Civil parish in Cornwall, England

St Veep (Sen Vip) is a civil parish in Cornwall, England, United Kingdom, situated above the east bank of the River Fowey about three miles (5 km) south-east of Lostwithiel. It is bordered by the parishes of St Winnow to the north-west, Boconnoc to the north, Lanreath to the east Polperro to the south-east and Lanteglos to the south. The River Fowey forms its western boundary. The parish is named after Saint Veep of whom little is known (not even whether the saint was male or female).

Part of the village of Lerryn is in St Veep parish. The hamlets of Cliff, Higher Penpol, Middle Penpol and Lower Penpol are all within the parish.

==History==
The parish church was originally dedicated to Saint Veep, but when it was rebuilt in 1336 it was rededicated to Saint Quiricus and Saint Julietta.

Following the Prayer Book Rebellion of 1549, a number of well-known Cornish figures and priests were murdered or hanged in Cornwall. These included Richard Bennet, vicar of St Veep, under the direct orders of Anthony Kingston, Provost Marshal serving under King Edward VI.

Rare and valuable church silverware, which had been deposited with a branch of Lloyds Bank in St Austell. Which was subsequently lost, was rediscovered in 2015 at an aircraft hanger used as a storage facility near Glasgow. After numerous attempts to recover the treasures, unbeknown to the church, Lloyds had sub-contracted the handling of the antiques to the security company G4S. The returned items included an “extremely rare” Chalice communion cup, dated 1579, with an estimated worth of £4000. Also a silver flagon tankard (1737) and a silver communion Paten  (1738).

===St Cadix's Priory===
A small cell or priory was built by the side of Penpol Creek, today the site is referred to as "St Cadix's Priory" but it has also appeared as St Ciric, St Carroc, St Cadokys, St Carrett and St Karroc. There is some uncertainty as to which saint the priory was dedicated to; either 6th-century Celtic Saint Cadoc or Cyricus son of Saint Julietta, who the parish church is dedicated to. Little remains of the priory today and a farmhouse was built on the site in 1710, but there are some remains of a crucifix and ecclesiastical stones dated at 1150 onwards.

In 1100 the priory was granted to the Benedictine Cluniac Montacute Priory in Somerset by William, Count of Mortain. Before that a small cell or holy well had existed. It remained the priory's until the dissolution of the monasteries in 1536. For most of its time just one monk and prior lived there. Three priors are known: Robertus (1339), Wilhelmus Smythe (1385) and Laurence Castleton (1536).
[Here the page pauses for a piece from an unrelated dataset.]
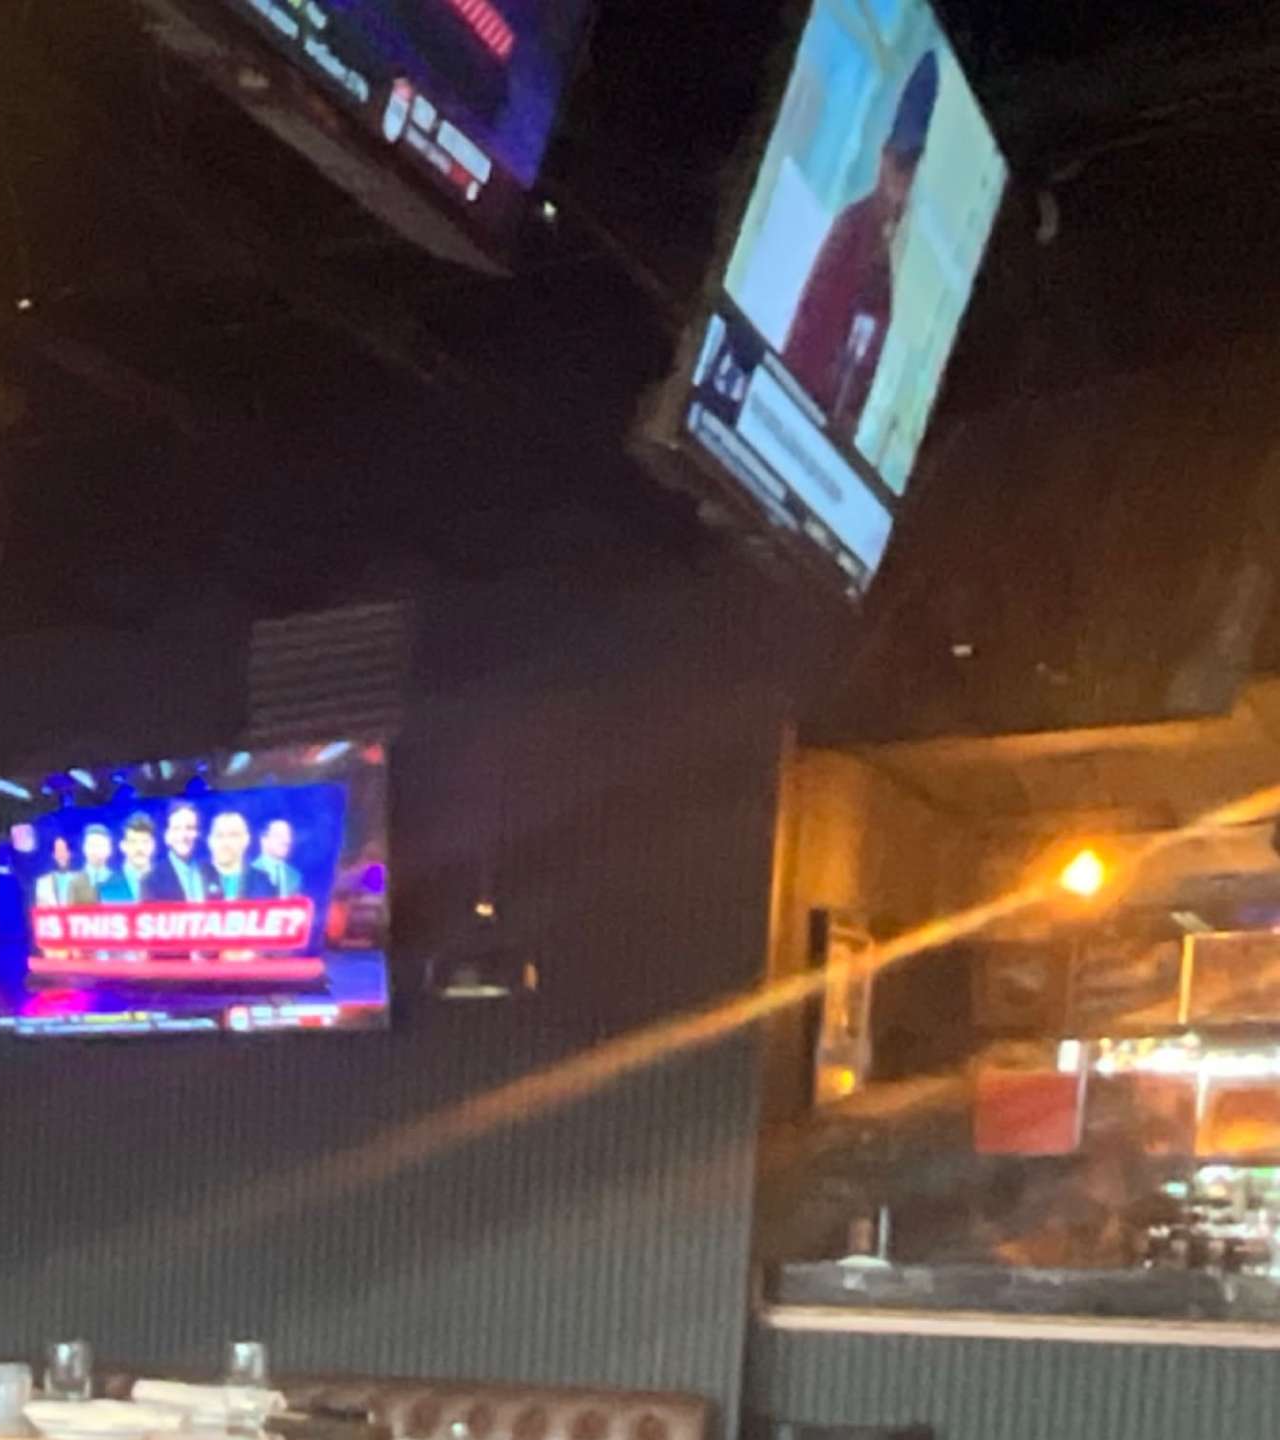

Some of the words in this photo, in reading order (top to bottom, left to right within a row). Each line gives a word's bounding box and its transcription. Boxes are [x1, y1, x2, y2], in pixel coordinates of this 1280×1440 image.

[38, 914, 63, 940] IS
[67, 913, 129, 940] THIS
[135, 907, 308, 940] SUITABLE?
The cells' residents included Walter de Exeter who supposedly wrote a biography of Guy of Warwick in 1301.

After dissolution the freehold of the site was granted to Laurence and Dorothy Courtenay on 3 September 1545. They leased it to the Cavells who leased it to Burchard Kranich a German silver smelter and adventurer. Kranich borrowed £500 from Mary Tudor, £150 from William Godolphin and more from several others to build a "melting house" in Lerryn which cost about £300 to build. Later he was lent £300 by Queen Elizabeth I, who ordered the repair of the bridge in Lerryn. Between 1556 and 1583 at least 2,000 ounces of silver were smelted with ore coming from mines in Tregardoke, Padstow, St Delion, Portysyke, Peran and St Columb. Kranich was arrested for his debts and held in the Marshalsea in London. He is credited with curing Queen Elizabeth I of smallpox.

===Penpol===
There are three hamlets named Penpol or Penpoll in the parish: Higher, Middle and Lower Penpol.
The first known references to a Lord of Penpol are in 1224 and 1249. Higher and Lower Penpol are mentioned in a deed of 1375. In the 1839 Tithe map Higher and Middle Penpoll are sizable hamlets, but Lower Penpoll consists of just a cottage, the mill and a forge, today the hamlet has expanded with houses all the way up to Middle Penpol. Penpol Mill is mentioned in 1591 and it was rebuilt in 1794, today it is abandoned. The bridge across Penpol Creek was built in 1867, replacing a tidal ford.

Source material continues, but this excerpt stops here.